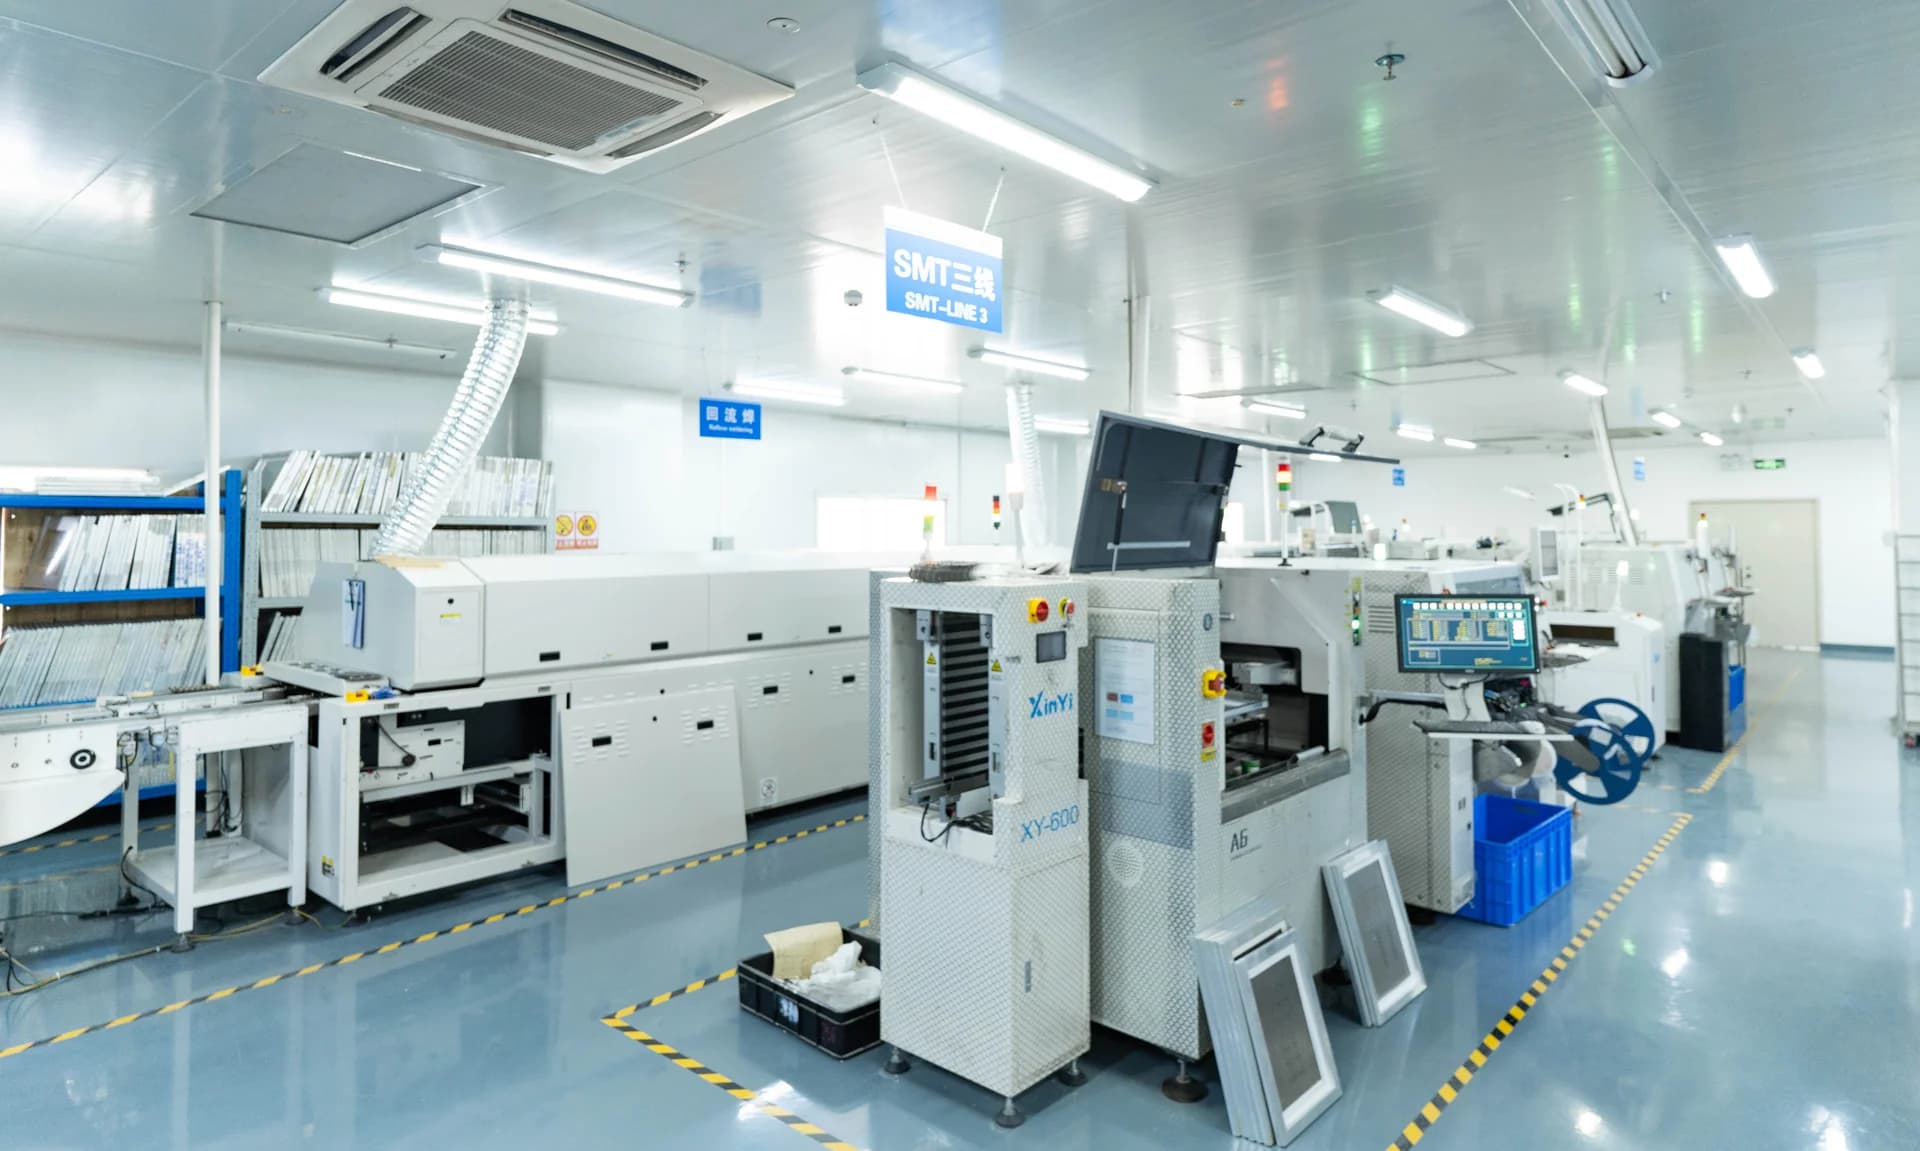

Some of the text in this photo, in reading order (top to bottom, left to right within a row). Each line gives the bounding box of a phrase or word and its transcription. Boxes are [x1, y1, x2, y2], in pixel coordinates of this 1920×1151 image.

[893, 248, 996, 302] SMT三线
[904, 291, 989, 324] SMT-LINE 3
[1028, 690, 1073, 719] XinYi
[1020, 804, 1080, 843] XY-600
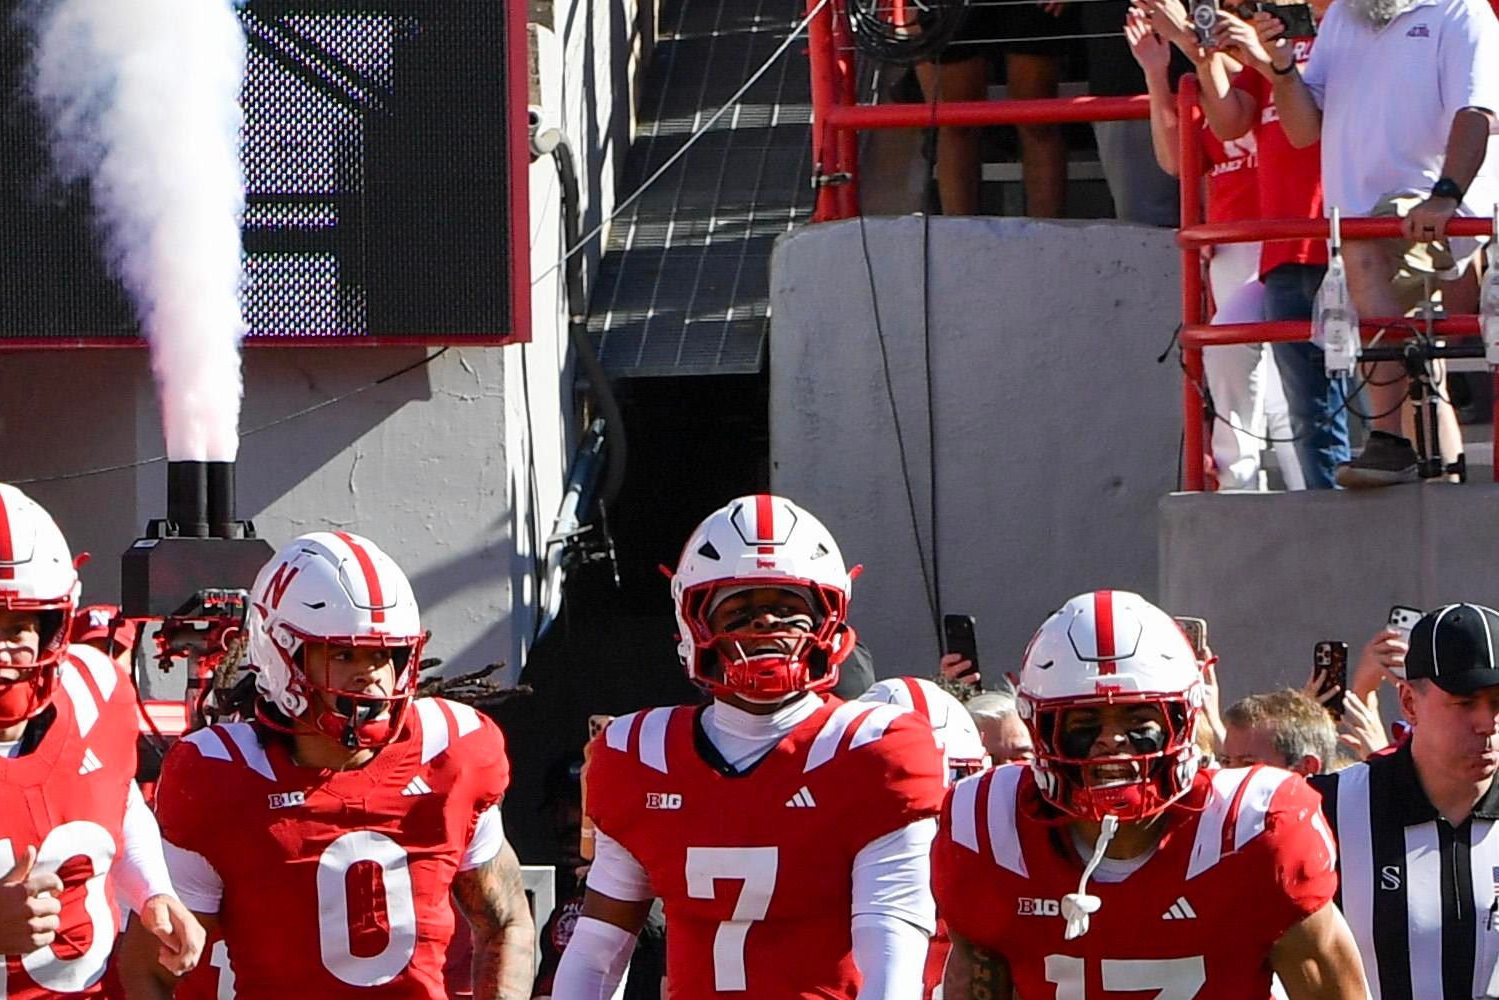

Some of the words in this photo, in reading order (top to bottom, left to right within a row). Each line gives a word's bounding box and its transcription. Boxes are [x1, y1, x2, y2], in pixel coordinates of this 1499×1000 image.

[263, 561, 299, 611] N
[316, 830, 417, 988] 0
[685, 846, 779, 992] 7
[1380, 865, 1402, 891] S
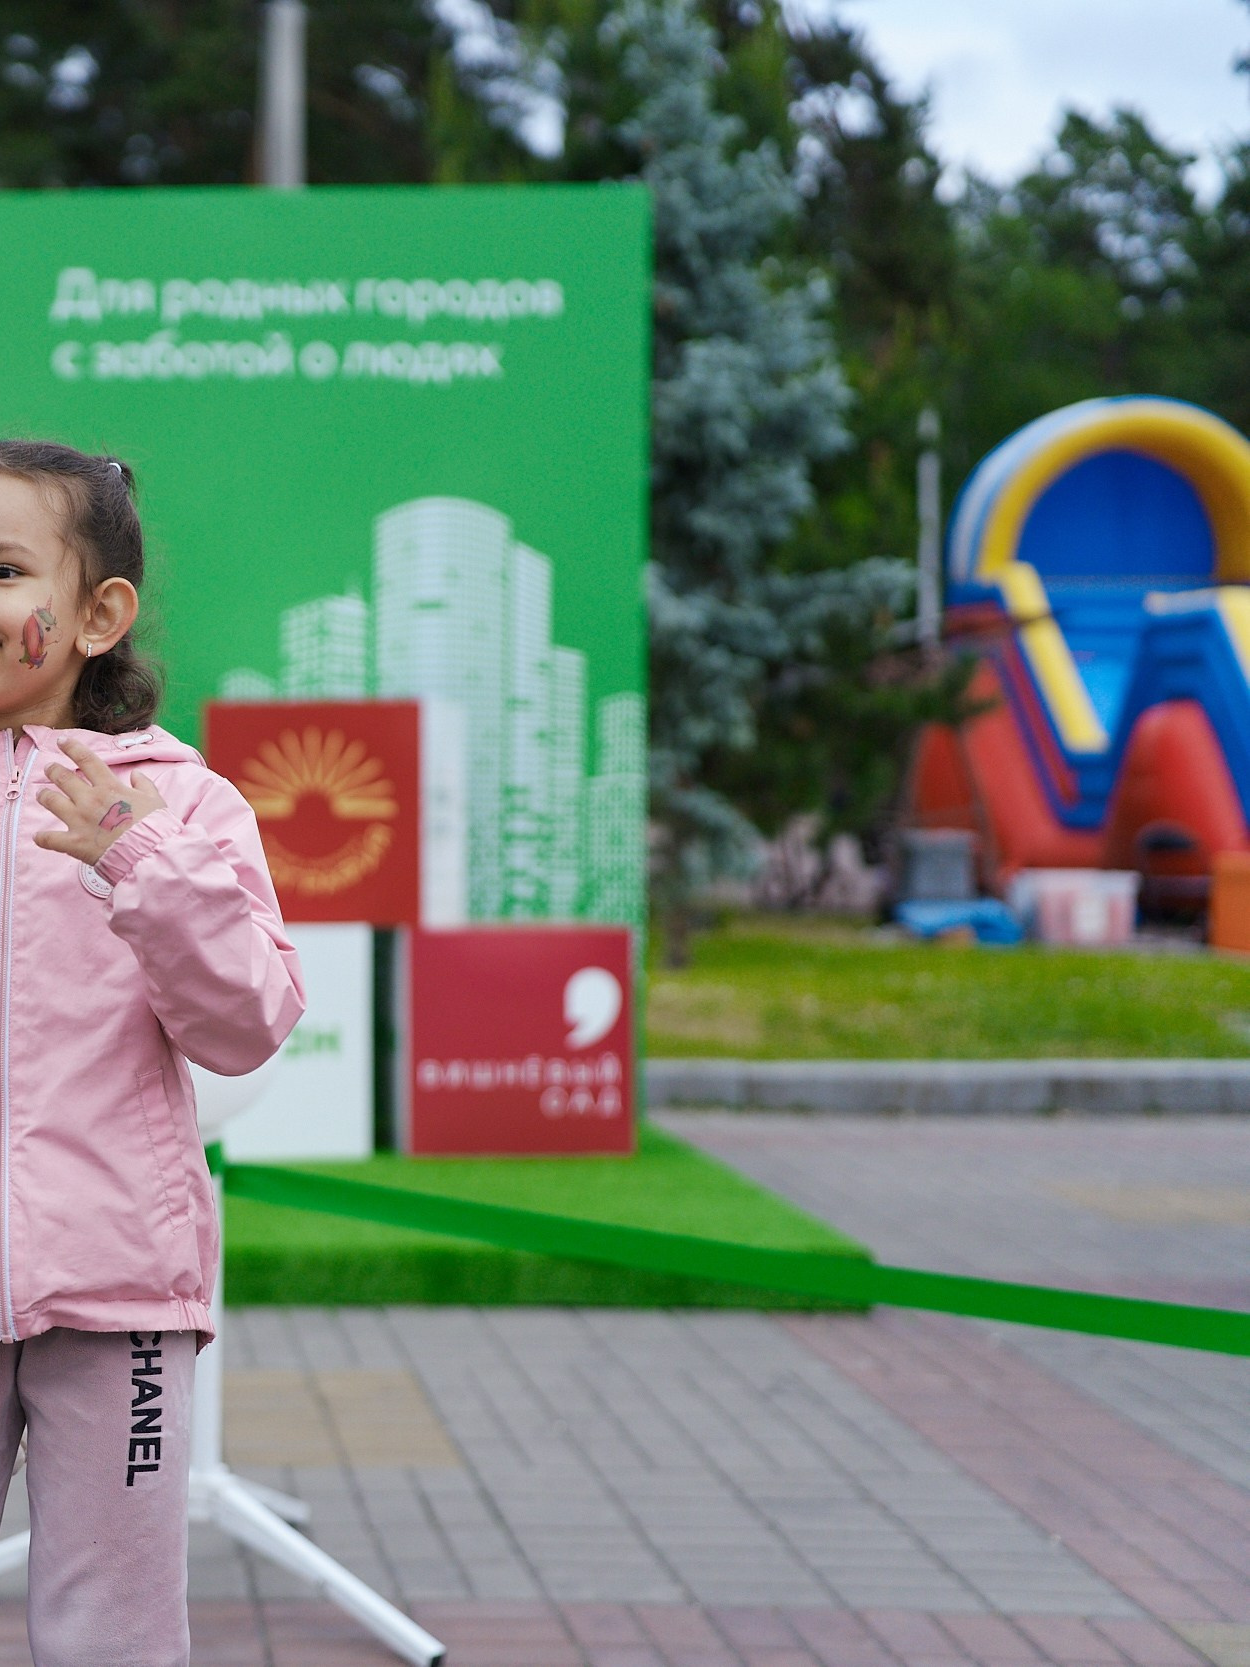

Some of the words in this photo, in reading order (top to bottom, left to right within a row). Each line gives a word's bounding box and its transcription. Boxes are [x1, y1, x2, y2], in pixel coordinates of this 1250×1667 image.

[51, 267, 155, 321] Для
[161, 279, 347, 324] родных
[355, 279, 563, 325] городов
[53, 341, 83, 379] с
[91, 331, 294, 379] заботой
[299, 341, 338, 379] о
[342, 341, 503, 384] людях
[126, 1331, 163, 1487] CHANEL
________________________________________
» **ACTION ITEM**: Word for word, output the whole listing, but not its pictures.

» **TASK OUTPUT**:
Some of the text in this photo, in reading order (top to bottom, left to right within a row). Each line gives the bounding box of a phrase or word and its transcription. Boxes are [x1, y1, x2, y2], in pixel coordinates of this 1920×1151 image.

[893, 248, 996, 302] SMT三线
[904, 291, 989, 324] SMT-LINE 3
[1028, 690, 1073, 719] XinYi
[1020, 804, 1080, 843] XY-600

Some of the words in this photo, in reading order (top to bottom, left to right within a row). Each line gives a word's bounding box and its transcription. Boxes are [x1, y1, x2, y2], in pixel coordinates of this 1499×1000 image.

[263, 561, 299, 611] N
[316, 830, 417, 988] 0
[685, 846, 779, 992] 7
[1380, 865, 1402, 891] S

Some of the words in this photo, in reading order (top to bottom, left to right within a row). Each line gives a word's bounding box and its transcription. Boxes are [x1, y1, x2, y2], in pixel coordinates of this 1250×1667 image.

[51, 267, 155, 321] Для
[161, 279, 347, 324] родных
[355, 279, 563, 325] городов
[53, 341, 83, 379] с
[91, 331, 294, 379] заботой
[299, 341, 338, 379] о
[342, 341, 503, 384] людях
[126, 1331, 163, 1487] CHANEL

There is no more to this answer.